Katie59 Mon 22-May-23 09:48:48

At 60 get a job maybe 3 days a week it gets you up in the morning and out of the house, there are plenty of supermarket jobs. You meet people and make friends and socialize, the pay is rubbish but the perks are good. It’s probably even more important if you have a partner when a change of scenery is often welcome.

Soozikinzi Mon 22-May-23 12:07:41

I am retired but still have DH so that's slightly different. But my neighbour who is a widow has made a fantastic group of friends from joining the gym . They all go on holidays together . It's really been wonderful for her .

LemonZest Wed 07-Jun-23 08:28:19

Charleygirl5

I live in London, retired at 60 and this was at the end of the month of September. My tax free sum paid off my mortgage, and I had some work done in the house but then had little savings.

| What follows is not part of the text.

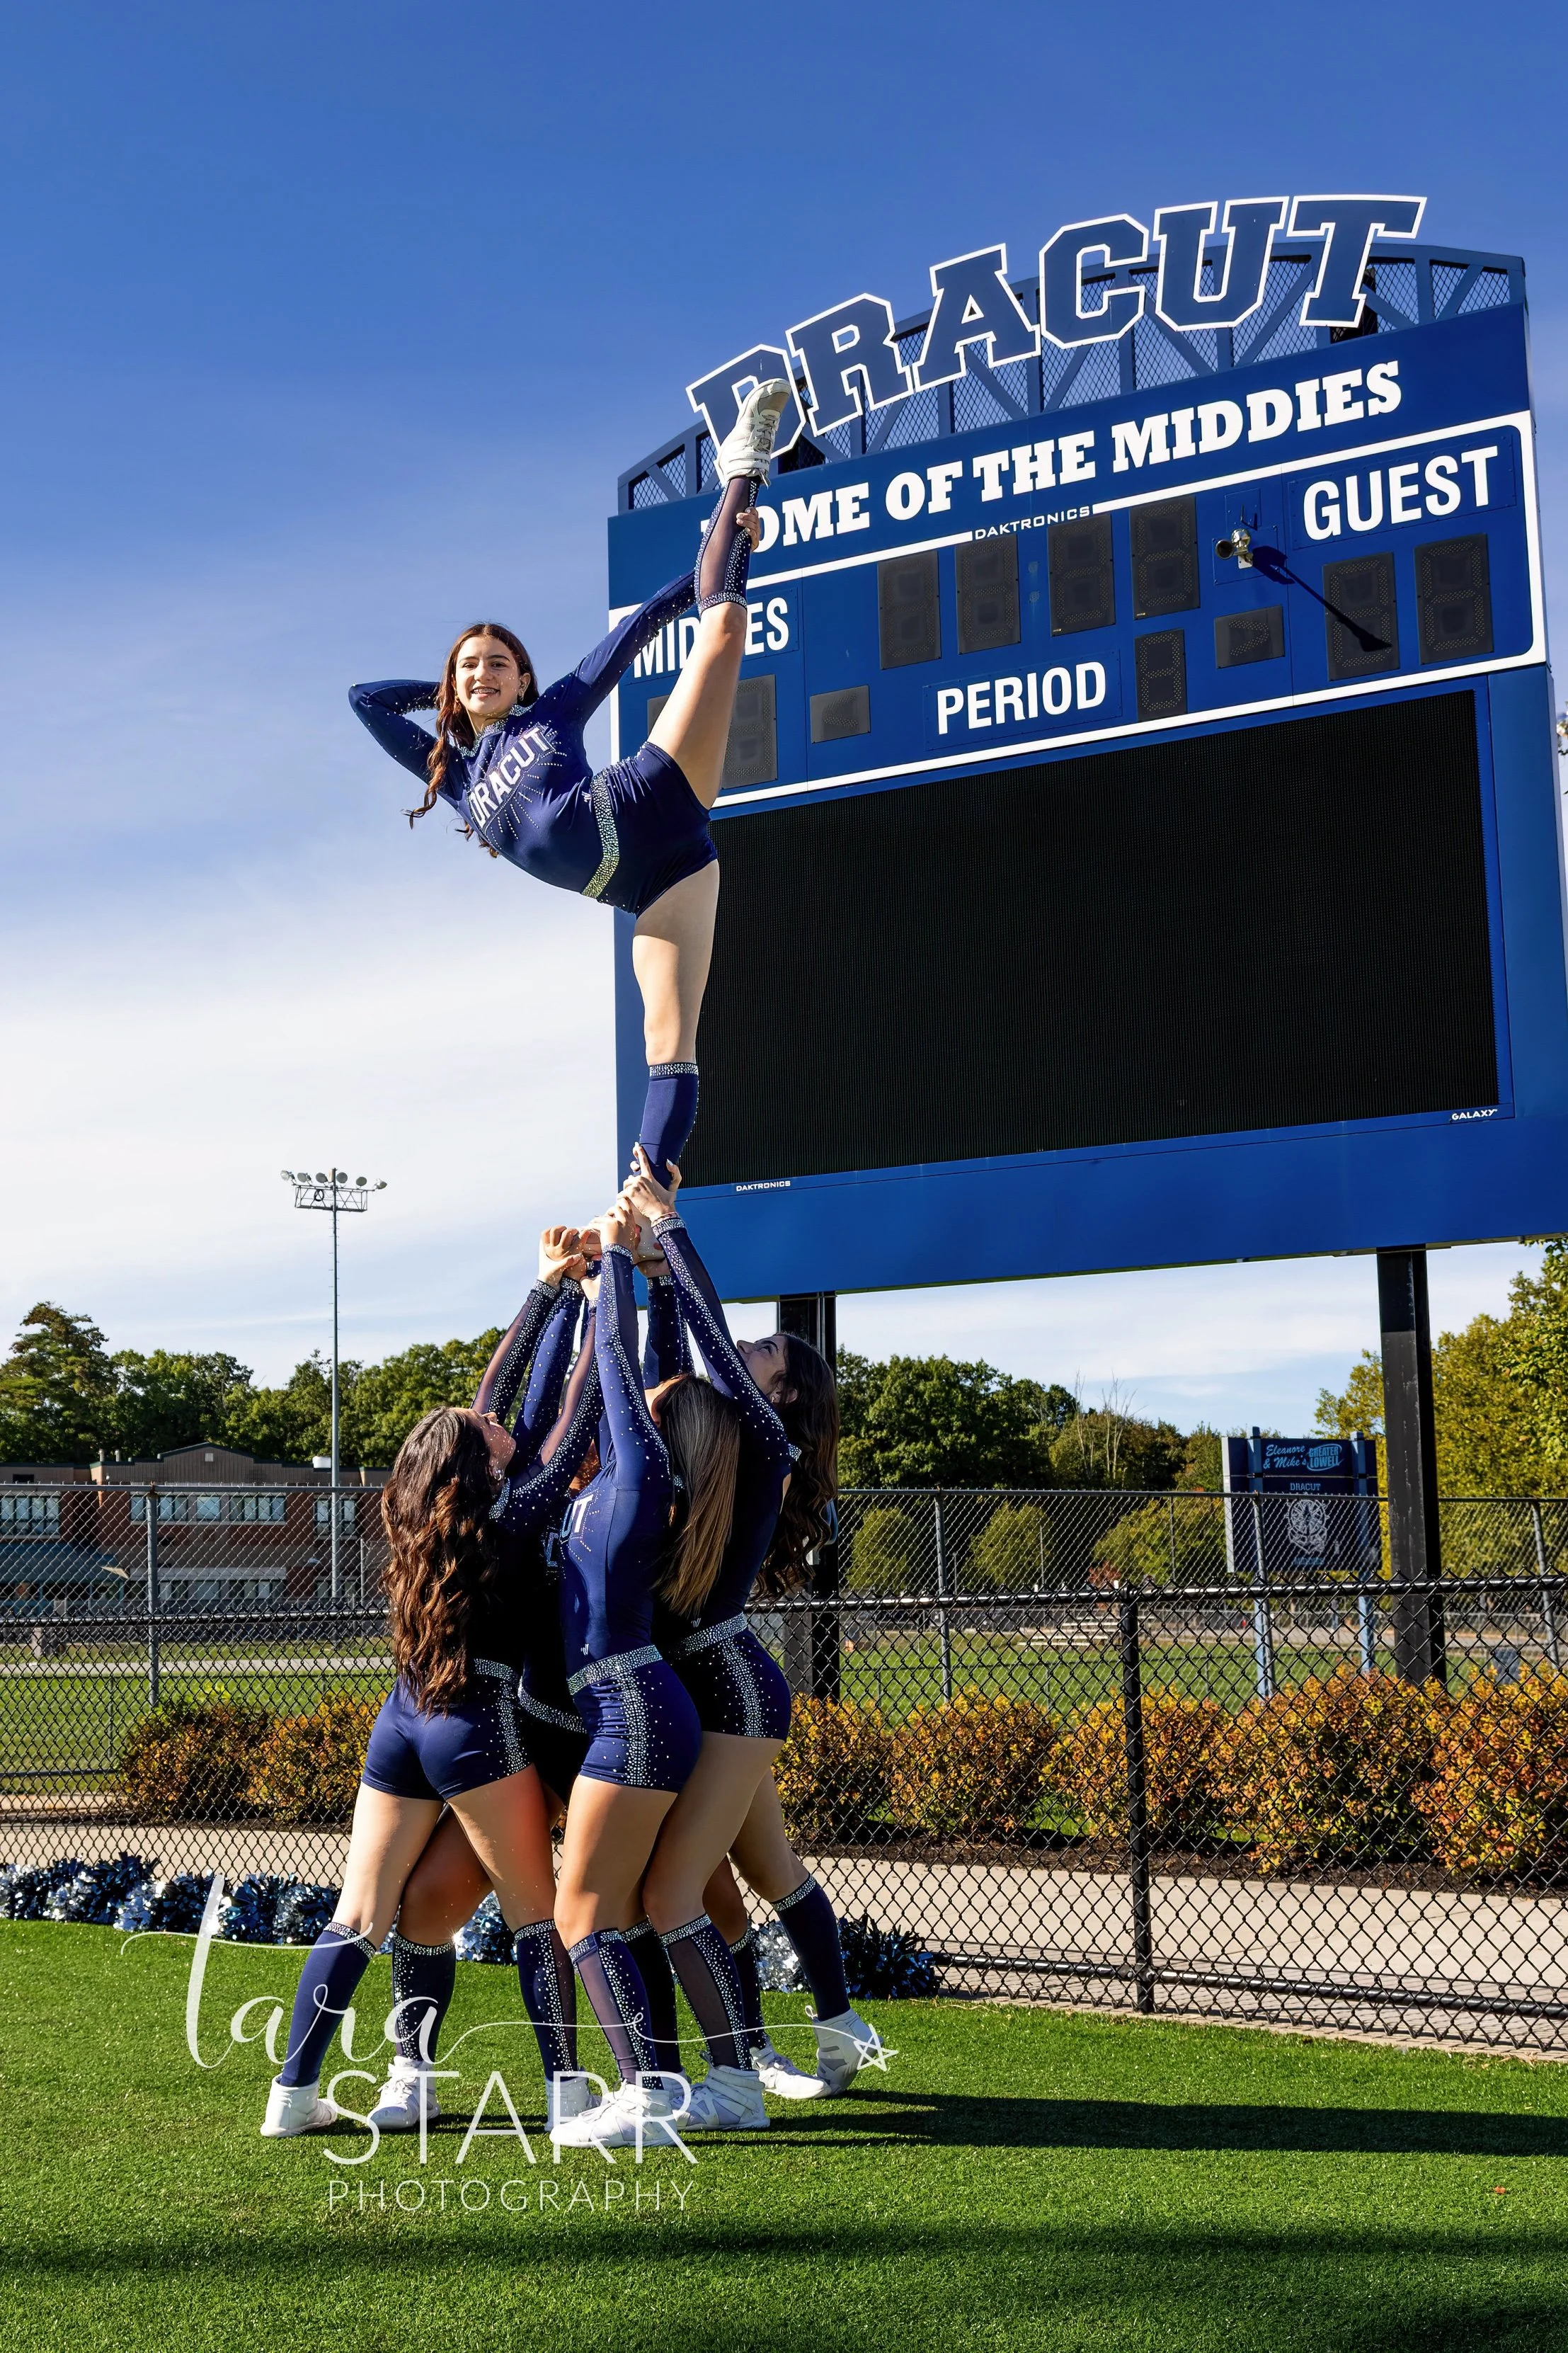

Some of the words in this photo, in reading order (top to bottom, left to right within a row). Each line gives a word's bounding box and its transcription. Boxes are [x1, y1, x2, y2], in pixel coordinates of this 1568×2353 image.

I was invited to do some work, similar to what I had left and I worked intermittently at that until I had an accident and could not continue. I had achieved my goal and had some money in the bank.

Friends had moved, I joined GN and have found some really good friends and we meet for coffee and/or a meal frequently.

I retired in 2002 and I have enjoyed my time at home. I could not help in a charity shop because I have AMD.

I have no family and I am happy living here.

If I may ask, how much money do you need on a monthly basis? I want to retire at 60 next year, but my government pension which isn't large, doesn't kick in for 7 years. I have £10k in savings, and the normal bills going out.
How much do you think I'll need to see me through each month if I don't work again??